**Work instruction**
Please print every record exactly as it stands, leaving out the pictures.

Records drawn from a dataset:

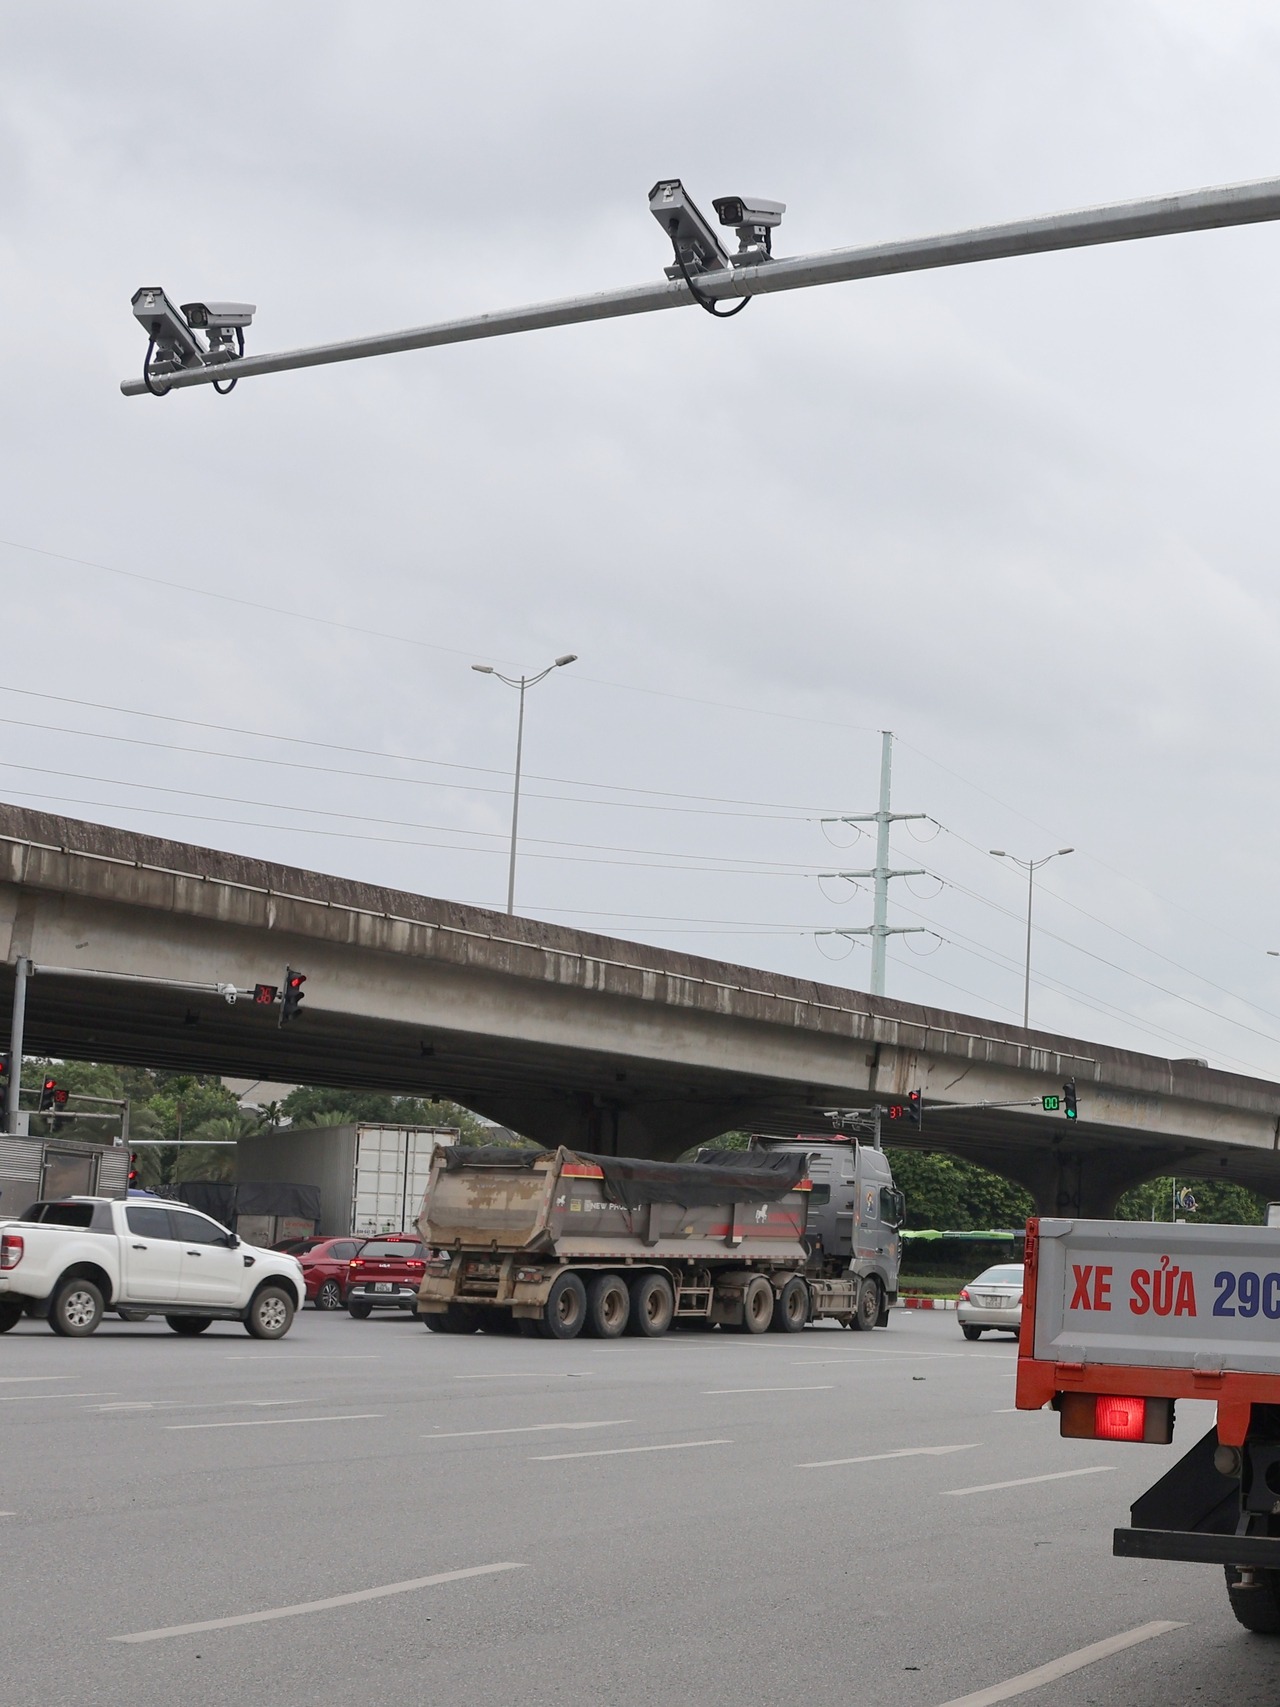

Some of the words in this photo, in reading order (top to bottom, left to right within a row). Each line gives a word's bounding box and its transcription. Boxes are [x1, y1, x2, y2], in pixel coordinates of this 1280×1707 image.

[890, 1106, 903, 1119] 37
[591, 1202, 608, 1210] NEW
[1069, 1264, 1113, 1311] XE
[1129, 1255, 1197, 1317] SỬA

**Written reply**
Some of the words in this photo, in reading order (top to bottom, left to right within a row). Each line gives a word's bounding box and its transcription. Boxes are [x1, y1, x2, y2], in pixel coordinates of this 1280×1707 image.

[890, 1106, 903, 1119] 37
[591, 1202, 608, 1210] NEW
[1069, 1264, 1113, 1311] XE
[1129, 1255, 1197, 1317] SỬA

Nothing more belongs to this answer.